TASK REQUIREMENTS: Give back the records that follow exactly, images excluded.

SUPPLIED DATA:
[Start of Attachment]
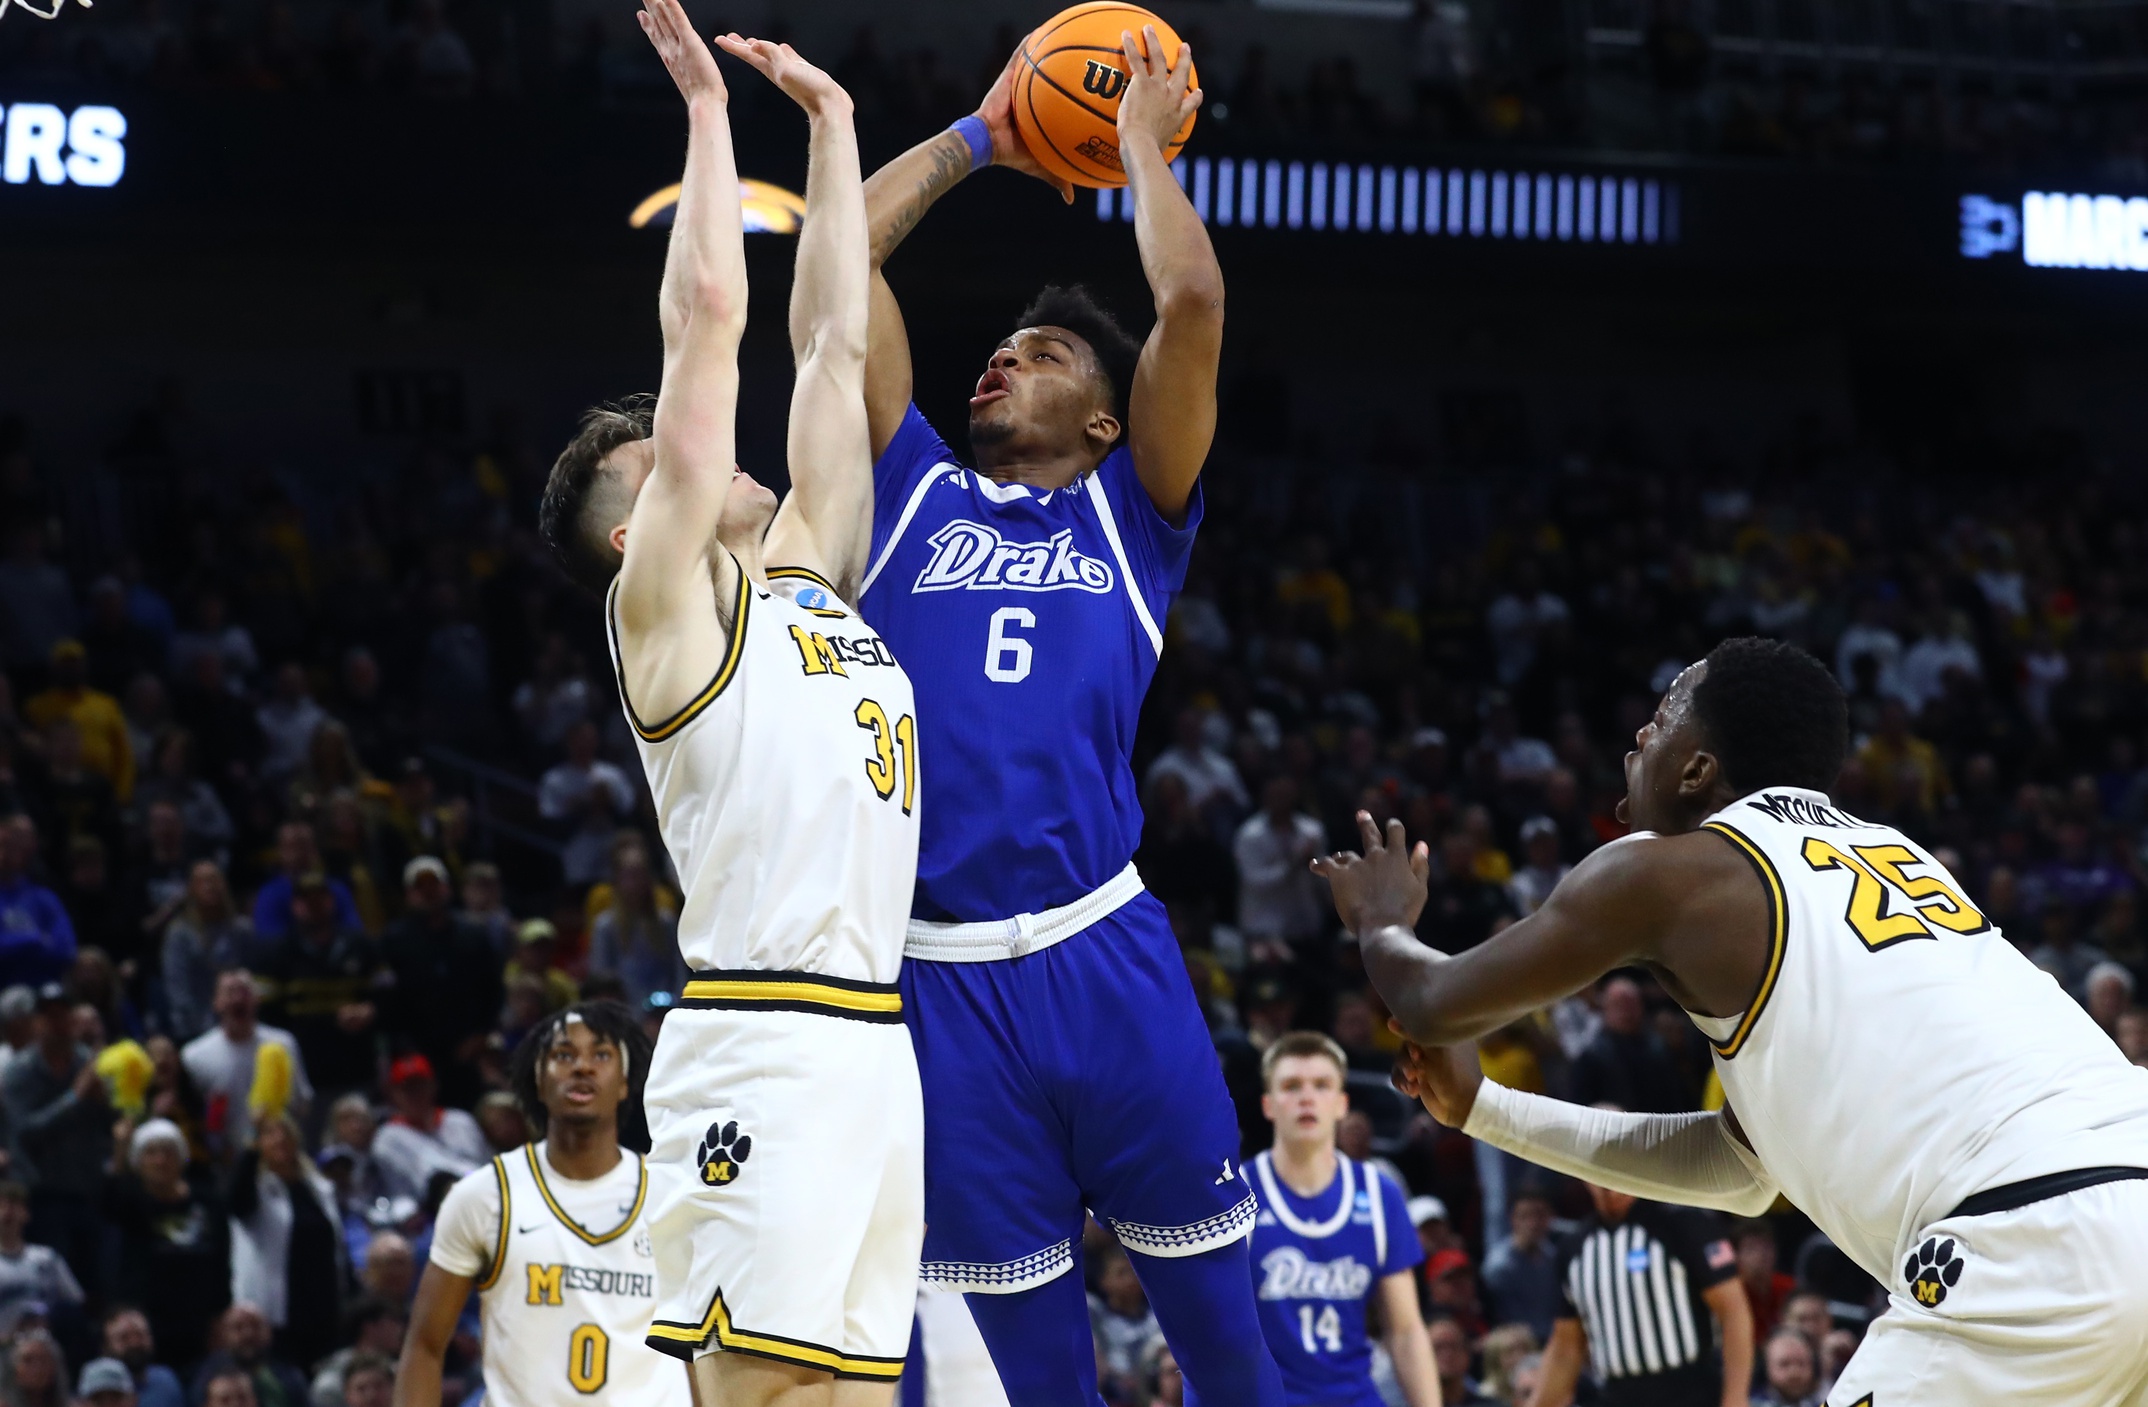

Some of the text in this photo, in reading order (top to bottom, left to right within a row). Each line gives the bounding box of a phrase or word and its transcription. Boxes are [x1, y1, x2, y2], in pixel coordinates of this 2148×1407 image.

[0, 101, 127, 188] RS
[911, 519, 1114, 594] Drake
[984, 607, 1036, 683] 6
[854, 698, 915, 817] 31
[1800, 836, 1991, 953] 25
[706, 1161, 731, 1182] M
[526, 1262, 653, 1306] MISSOURI
[1258, 1245, 1372, 1300] Drake
[1917, 1279, 1940, 1304] M
[568, 1322, 610, 1395] 0
[1299, 1304, 1342, 1353] 14
[End of Attachment]
YOUR RESPONSE:
Some of the text in this photo, in reading order (top to bottom, left to right within a row). Each line gives the bounding box of a phrase or word and its transcription. Boxes are [x1, y1, x2, y2], in pixel coordinates of this 2148×1407 image.

[0, 101, 127, 188] RS
[911, 519, 1114, 594] Drake
[984, 607, 1036, 683] 6
[854, 698, 915, 817] 31
[1800, 836, 1991, 953] 25
[706, 1161, 731, 1182] M
[526, 1262, 653, 1306] MISSOURI
[1258, 1245, 1372, 1300] Drake
[1917, 1279, 1940, 1304] M
[568, 1322, 610, 1395] 0
[1299, 1304, 1342, 1353] 14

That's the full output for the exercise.